Pubblicato su Sole24Ore – Nt Lavoro – il 07/04/2025
Il principio di irriducibilità della retribuzione ex articolo 2103 cod. civ. non consente per il futuro la conservazione di voci retributive di fonte collettiva nel patrimonio individuale del lavoratore, in ipotesi di recesso del datore di lavoro – nel caso di specie, un’organizzazione sindacale – dal contratto collettivo.
Così la Corte di cassazione, con l’ordinanza 8150 del 27 marzo 2025.
Il caso trae origine dalla revoca datoriale di un emolumento corrisposto a titolo di «superminimo non assorbibile» previsto da due accordi collettivi, entrambi disdetti dalla datrice di lavoro.
In sintesi, la società applicava un Ccnl di primo livello ad hoc, sostituito nel 1997, contestualmente alla cessione di un ramo d’azienda, dal Ccnl settore terziario, applicato sia ai dipendenti ceduti che a quelli rimasti in capo al cedente.
Per colmare le differenze retributive derivanti dalla modifica del Ccnl, la cedente e i dipendenti stipulavano un accordo di salvaguardia, recepito dalla cessionaria mediante un accordo aziendale integrativo, che prevedeva un emolumento corrisposto a titolo di «superminimo non assorbibile».
Successivamente, la cedente disdettava l’accordo di salvaguardia e la cessionaria disdettava l’integrativo e per l’effetto entrambe revocavano il relativo superminimo non assorbibile.
I dipendenti della cessionaria agivano in giudizio per vedere riconosciuto il diritto a continuare a percepire il predetto emolumento, negato sia dal Tribunale che dalla Corte d’Appello.
I dipendenti della cessionaria ricorrevano in cassazione, lamentando per quanto qui di interesse, la violazione degli articoli 2112 e 2103 cod. civ., per avere la Corte d’Appello ammesso la possibilità che sia ammissibile la riduzione dei livelli retributivi a seguito di trasferimento d’azienda ad altro soggetto che applica un contratto collettivo deteriore.
La Suprema Corte ha rigettato il ricorso, richiamando in primis il proprio consolidato orientamento, per cui è applicabile ai dipendenti ceduti il contratto collettivo in vigore presso la cessionaria, anche se più sfavorevole, potendo trovare applicazione l’originario contratto collettivo nel solo caso in cui presso la cessionaria i rapporti di lavoro non siano regolamentati da alcuna disciplina collettiva (Cassazione 37291/2021).
Il medesimo orientamento, inoltre, evidenzia come l’articolo 3, numero 3, della Direttiva 2001/23 – per cui «dopo il trasferimento, il cessionario mantiene le condizioni di lavoro convenute mediante il contratto collettivo nei termini previsti da quest’ultimo per il cedente fino alla data della risoluzione o della scadenza del contratto collettivo o dell’entrata in vigore o dell’applicazione di un altro contratto collettivo» – mira ad assicurare il mantenimento di tutte le condizioni di lavoro conformemente alla volontà delle parti contraenti del contratto collettivo e ciò nonostante il trasferimento di impresa.
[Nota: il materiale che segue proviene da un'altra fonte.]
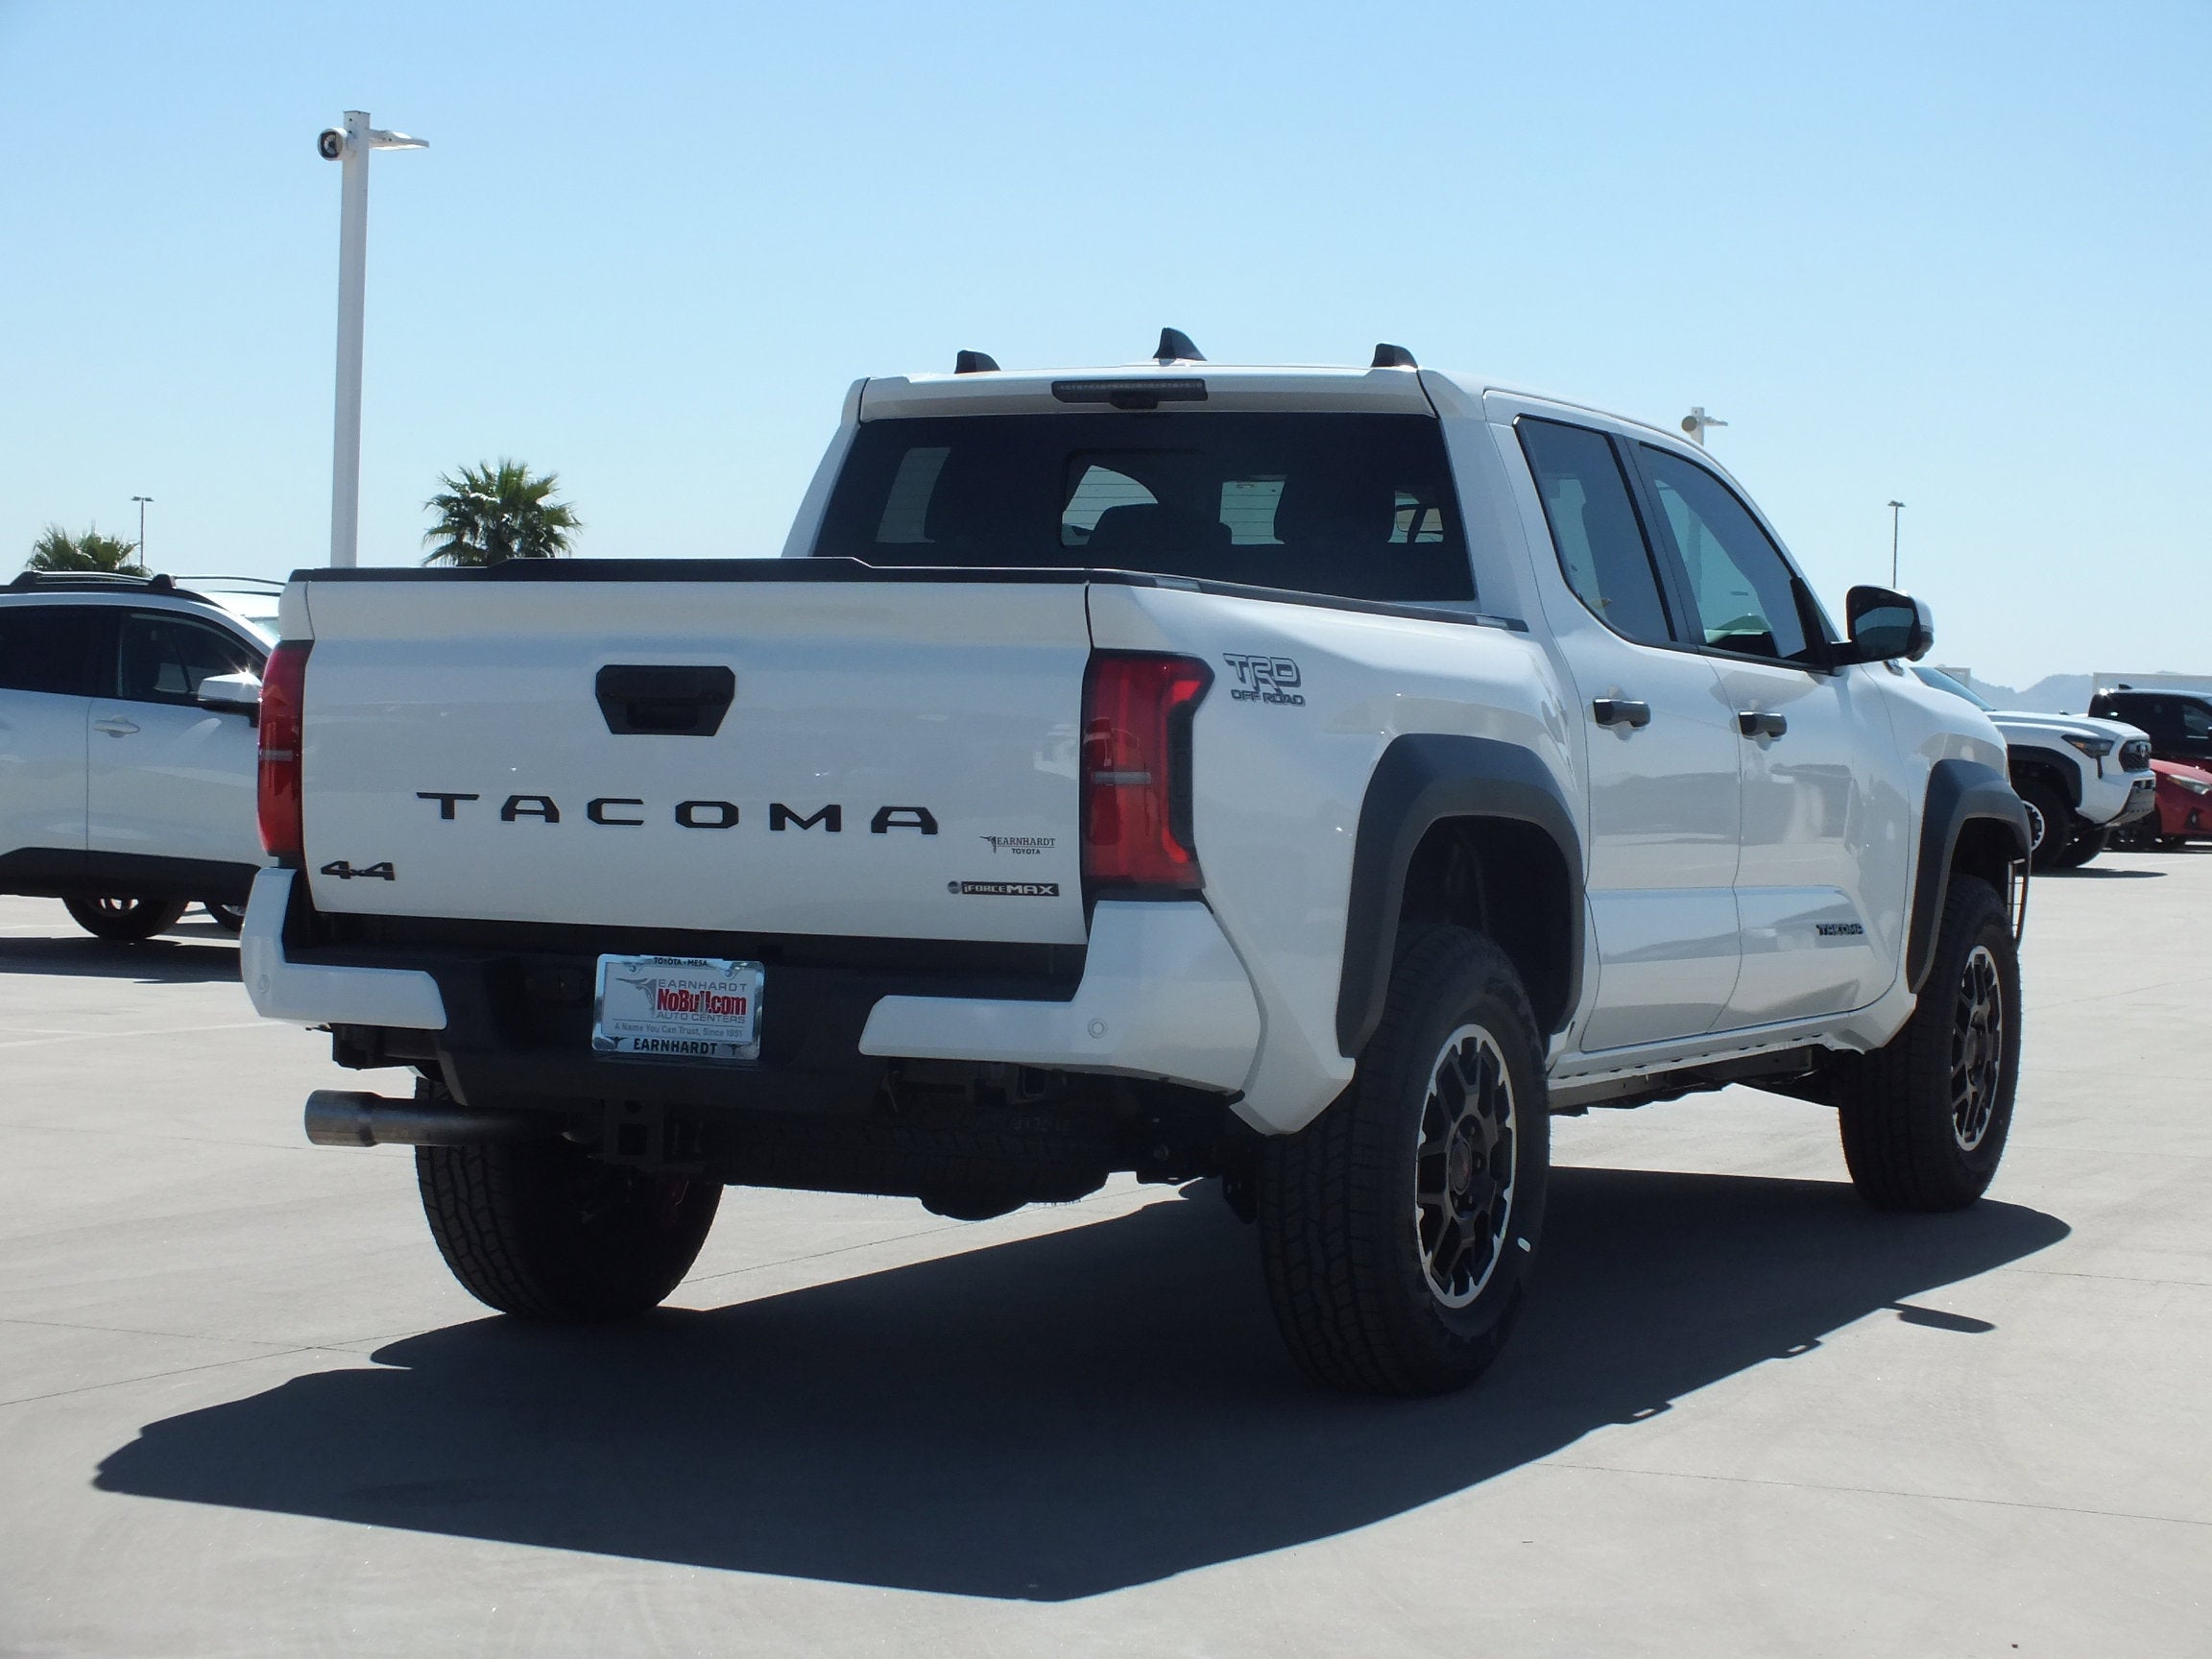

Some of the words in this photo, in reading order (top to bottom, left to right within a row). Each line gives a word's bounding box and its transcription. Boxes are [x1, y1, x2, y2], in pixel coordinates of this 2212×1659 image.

[1222, 653, 1301, 692] TRD
[1231, 689, 1262, 702] OFF
[1262, 692, 1306, 707] ROAD
[416, 792, 938, 834] TACOMA
[997, 837, 1056, 846] EARNHARDT
[654, 957, 682, 966] TOYOTA
[658, 978, 747, 992] EARNHARDT
[656, 1011, 688, 1021] AUTO
[691, 1013, 746, 1024] CENTERS
[622, 1023, 643, 1032] Name
[646, 1024, 660, 1033] You
[661, 1025, 677, 1034] Can
[703, 1027, 725, 1037] Since
[633, 1038, 718, 1054] EARNHARDT
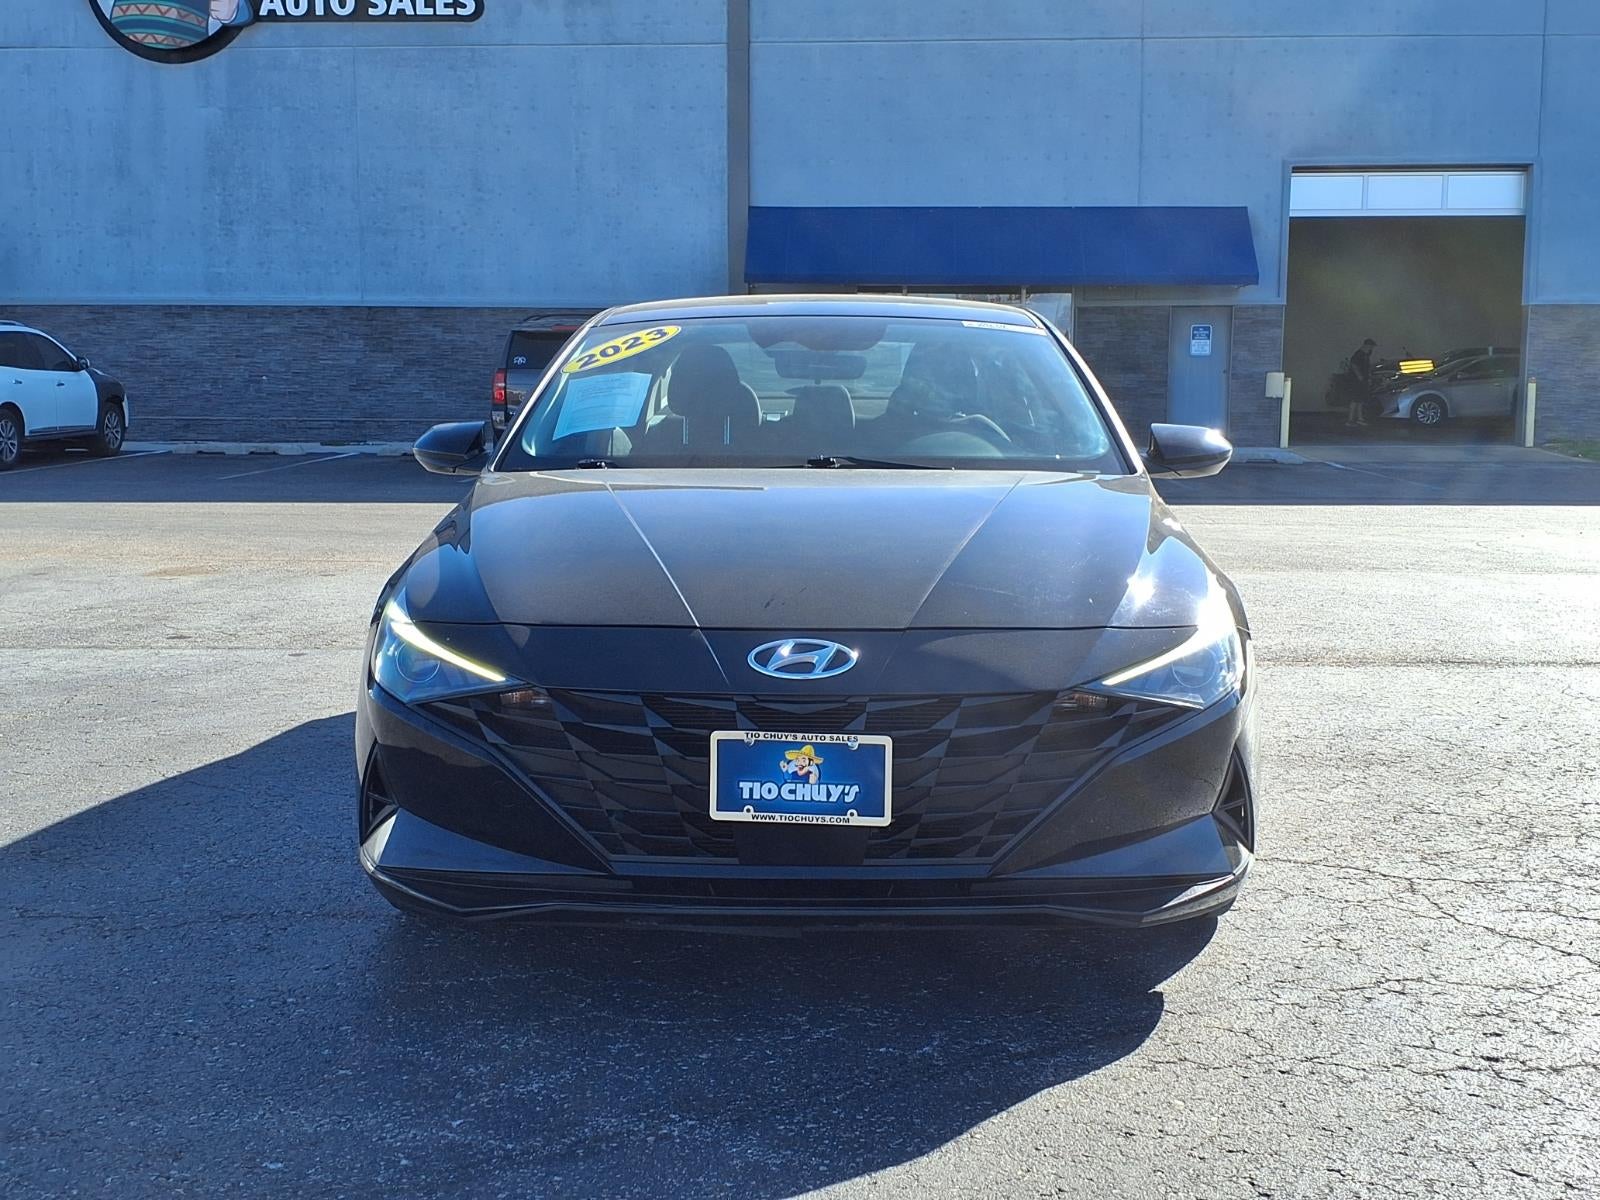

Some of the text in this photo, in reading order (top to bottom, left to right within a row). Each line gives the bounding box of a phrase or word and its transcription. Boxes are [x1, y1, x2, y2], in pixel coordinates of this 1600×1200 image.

Di conseguenza, tale disposizione non impone al cessionario di garantire il mantenimento delle condizioni di lavoro stabilite con il cedente oltre la data di scadenza del contratto collettivo.
La cassazione, inoltre, richiamando la sentenza della Corte di Giustizia sul caso Scattolon, ricorda che la direttiva 77/187 vieta che il trasferimento d’azienda consenta un trattamento retributivo deteriore al momento della cessione e «per il solo fatto del trasferimento», ma chiaramente non può impedire che, successivamente, la retribuzione dei lavoratori trasferiti possa essere influenzata dalle dinamiche contrattuali che ab externo la disciplinano.
Infine, sull’asserita violazione del principio di irriducibilità della retribuzione, la Corte rammenta che l’emolumento contestato era previsto da un contratto collettivo, come tale fonte «esterna» al rapporto di lavoro, sicché le sue clausole ben potevano essere modificate anche in peius da successivi contratti collettivi. Sotto diverso profilo, la clausola del superminimo può ritenersi incorporata nel contratto individuale di lavoro, quindi insensibile ai successivi mutamenti del contratto collettivo, solo se destinata a compensare determinate qualità professionali del dipendente o determinate mansioni oppure specifiche modalità di esecuzione della prestazione lavorativa.